ATP6L promotes metastasis of colorectal cancer by inducing epithelial-mesenchymal transition.

ATP6L, the C subunit of the V-ATPase V0 domain, is involved in regulating the acidic tumor micro-environment and may promote tumor progression. However, the expression and functional role of ATP6L in tumors have not yet been well explored. In this study, we found that ATP6L protein overexpression was related to colorectal cancer histological differentiation (P < 0.001), presence of metastasis (P < 0.001) and recurrence (P = 0.02). ATP6L expression in the liver metastatic foci was higher than in the primary foci (P = 0.04).

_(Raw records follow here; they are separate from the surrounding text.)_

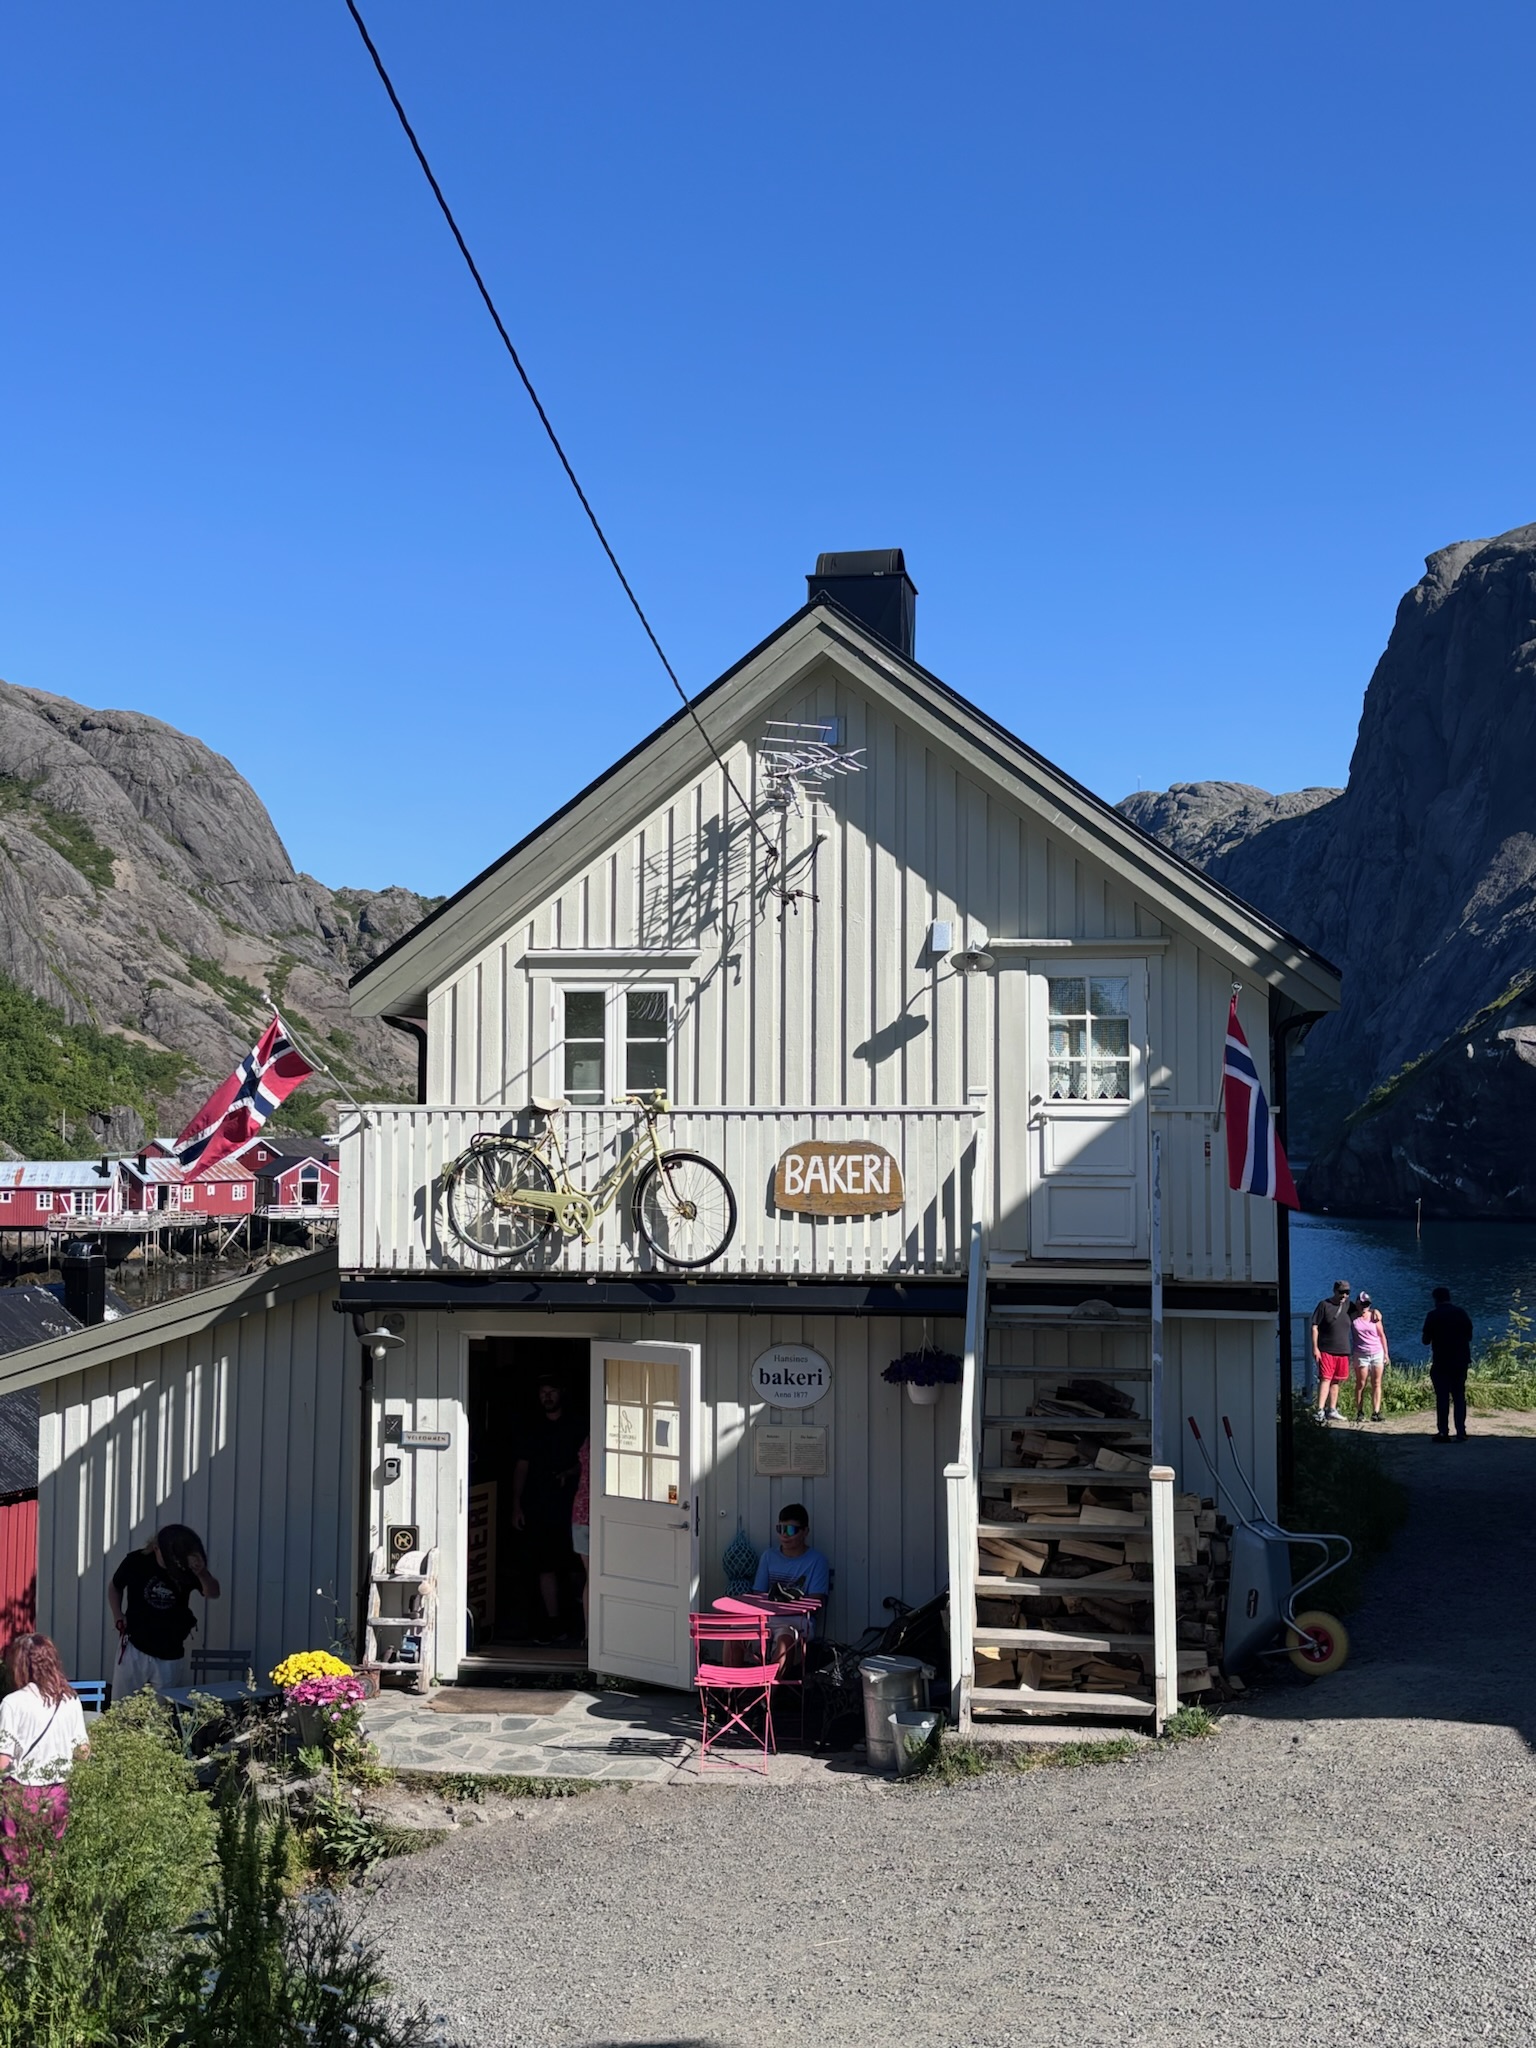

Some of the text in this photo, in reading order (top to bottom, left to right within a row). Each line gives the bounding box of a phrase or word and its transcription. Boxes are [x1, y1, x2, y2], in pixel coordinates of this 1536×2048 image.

[785, 1154, 890, 1195] BAKERI
[773, 1354, 808, 1363] Hansines
[759, 1367, 823, 1386] bakeri
[793, 1391, 808, 1399] 1877
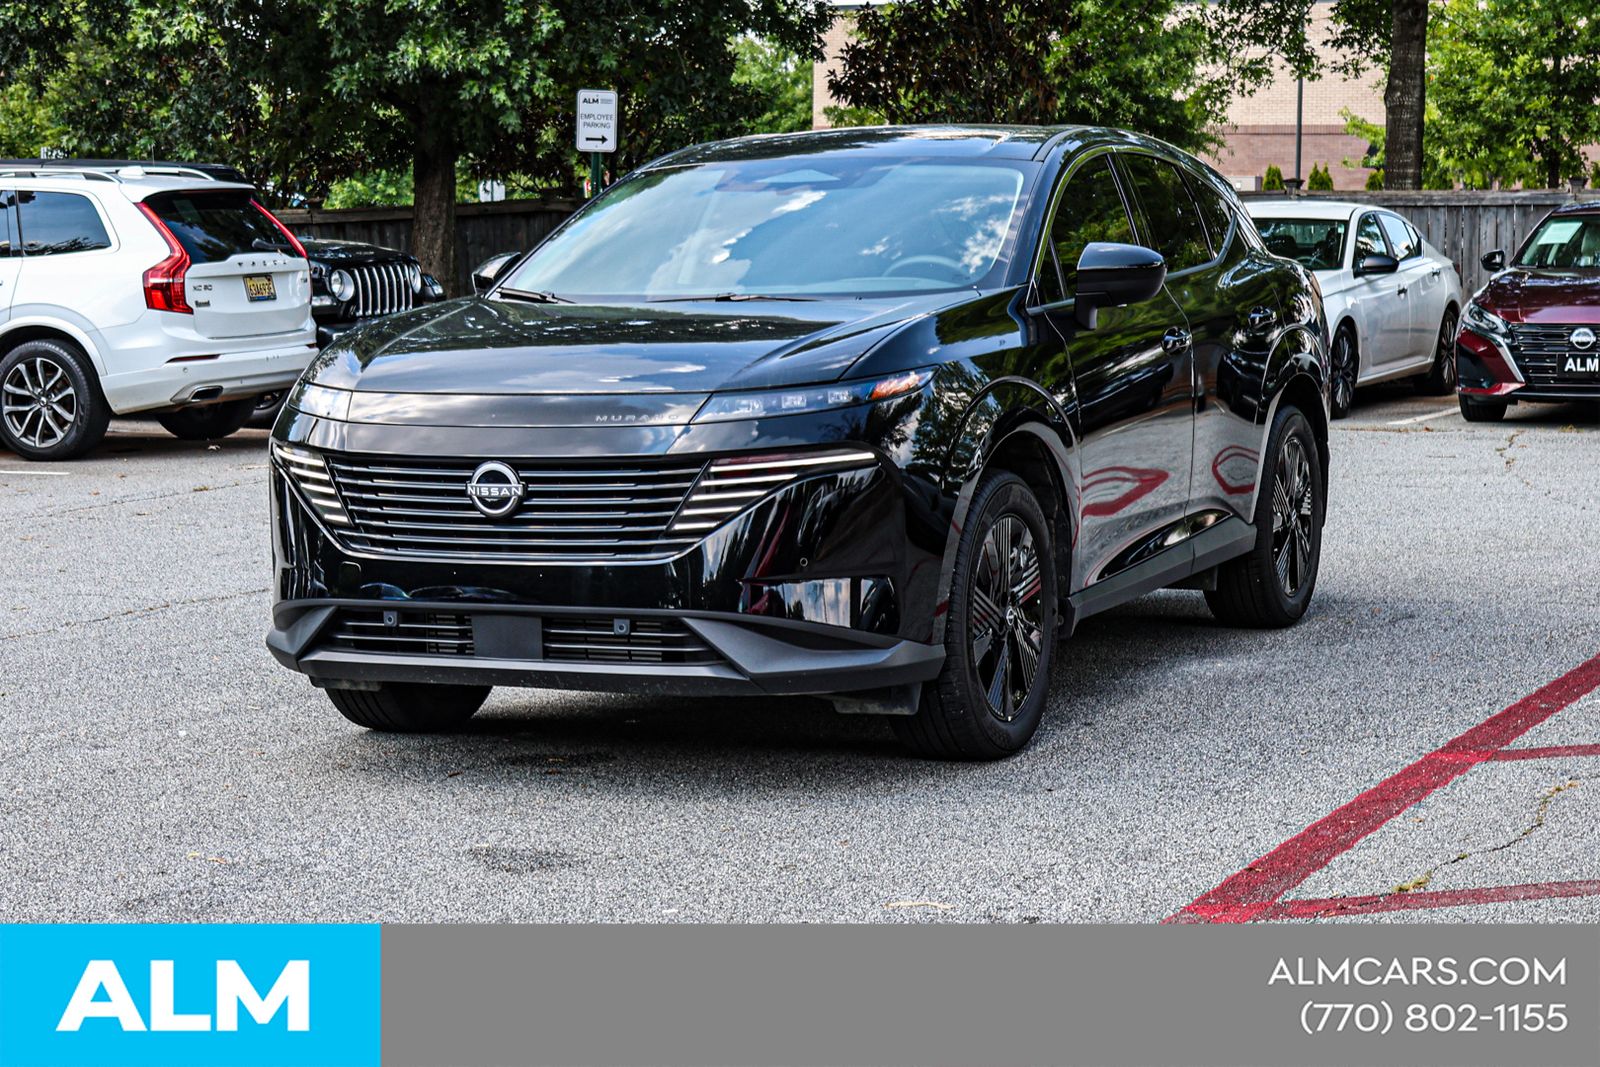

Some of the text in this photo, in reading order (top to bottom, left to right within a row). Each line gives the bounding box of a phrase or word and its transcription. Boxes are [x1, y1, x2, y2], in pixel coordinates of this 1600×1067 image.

[582, 97, 600, 105] ALM
[580, 113, 614, 121] EMPLOYEE
[583, 121, 612, 129] PARKING
[1564, 357, 1599, 372] ALM
[467, 486, 522, 497] NISSAN
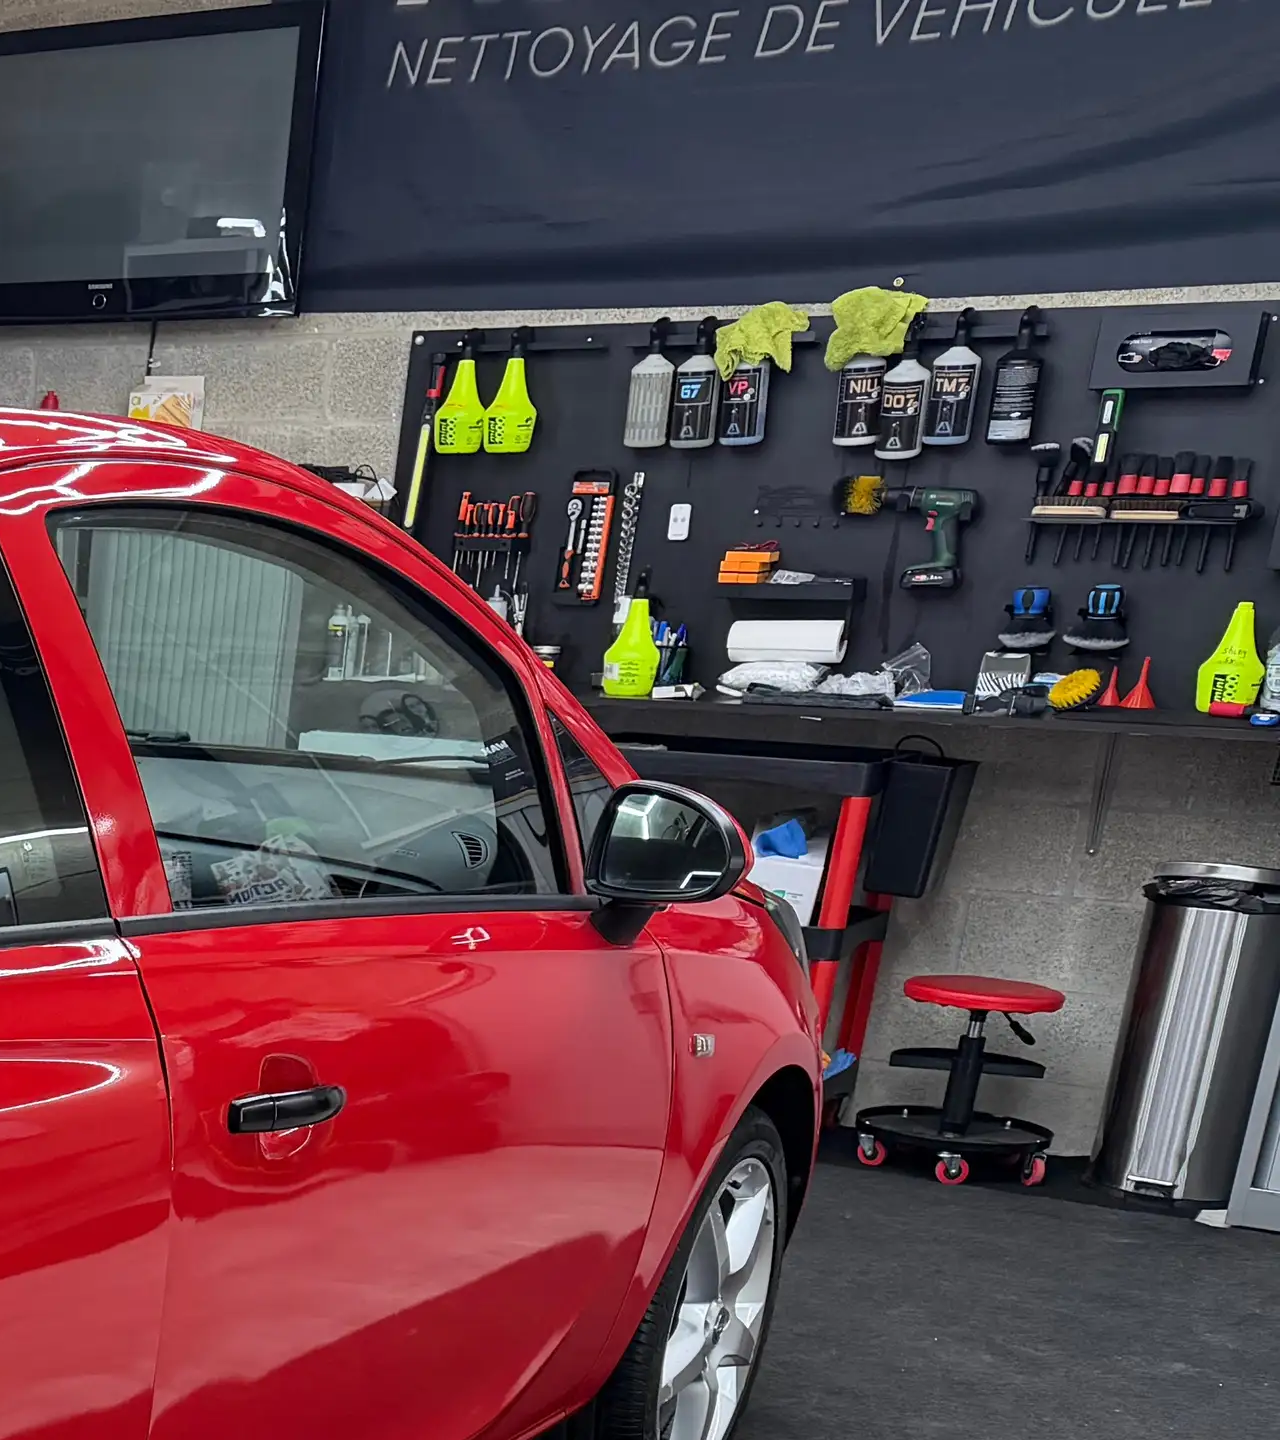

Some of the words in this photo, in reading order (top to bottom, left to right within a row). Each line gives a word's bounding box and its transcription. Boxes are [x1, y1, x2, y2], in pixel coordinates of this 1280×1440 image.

[387, 10, 740, 88] NETTOYAGE
[754, 0, 841, 58] DE
[728, 380, 749, 395] VP
[849, 378, 878, 394] NIU
[935, 377, 969, 393] TM7
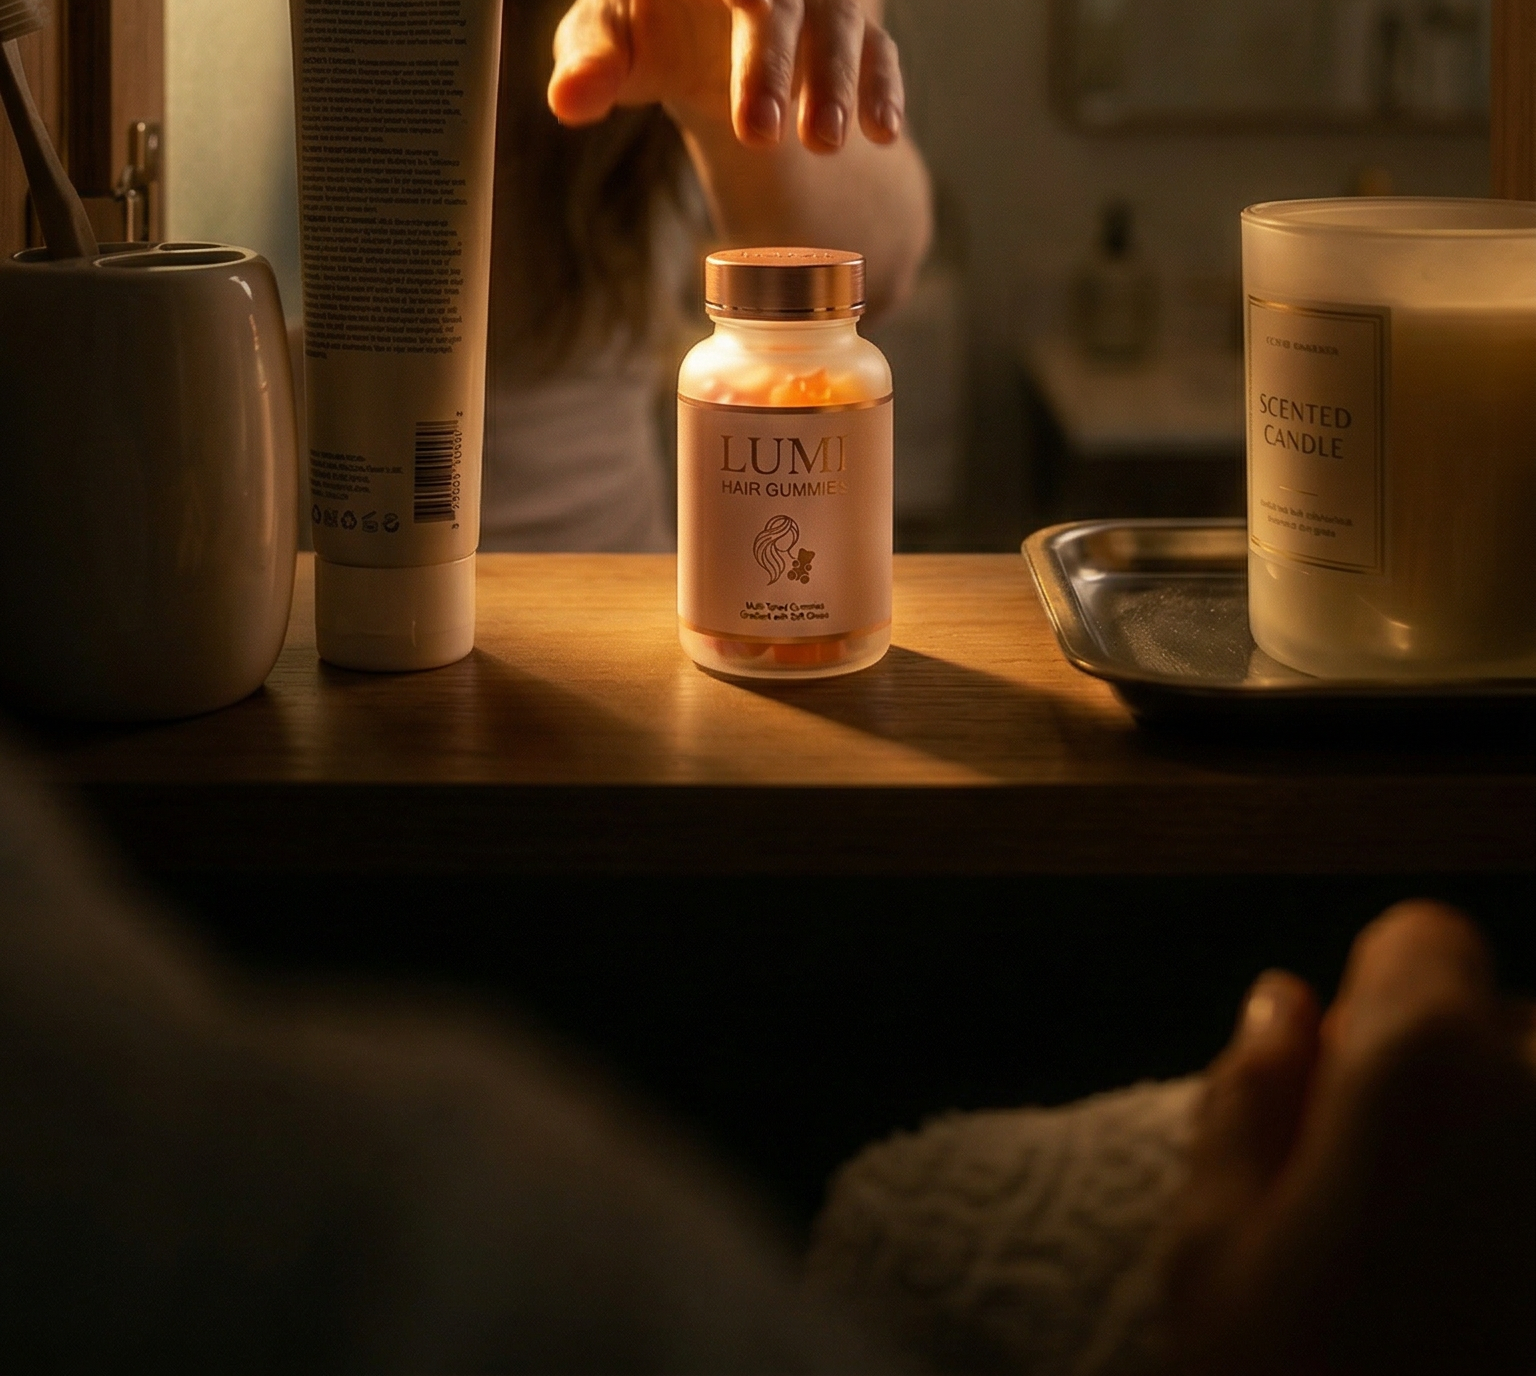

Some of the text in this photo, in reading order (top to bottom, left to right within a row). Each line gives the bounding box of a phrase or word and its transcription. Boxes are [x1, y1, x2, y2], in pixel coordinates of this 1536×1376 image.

[1259, 392, 1353, 430] SCENTED
[719, 433, 849, 475] LUMI
[1263, 423, 1345, 461] CANDLE
[721, 480, 848, 498] HAIR GUMMIES

ATP6L expression was notably concomitant with epithelial-mesenchymal transition (EMT) immunohistochemical features, such as reduced expression of the epithelial marker E-cadherin (P = 0.021) and increased expression of the mesenchymal marker vimentin (P = 0.004). Results of in vitro and in vivo experiments showed that ATP6L expression could alter cell morphology, regulate EMT-associated protein expression, and enhance migration and invasion. The effect of ATP6L on metastasis was further demonstrated in a tail vein injection mice model. In addition, the mouse xenograft model showed that ATP6L-overexpressing HCT116 cells grew into larger tumor masses, showed less necrosis and formed more micro-vessels than the control cells. Taken together, our results suggest that ATP6L promotes metastasis of colorectal cancer by inducing EMT and angiogenesis, and is a potential target for tumor therapy.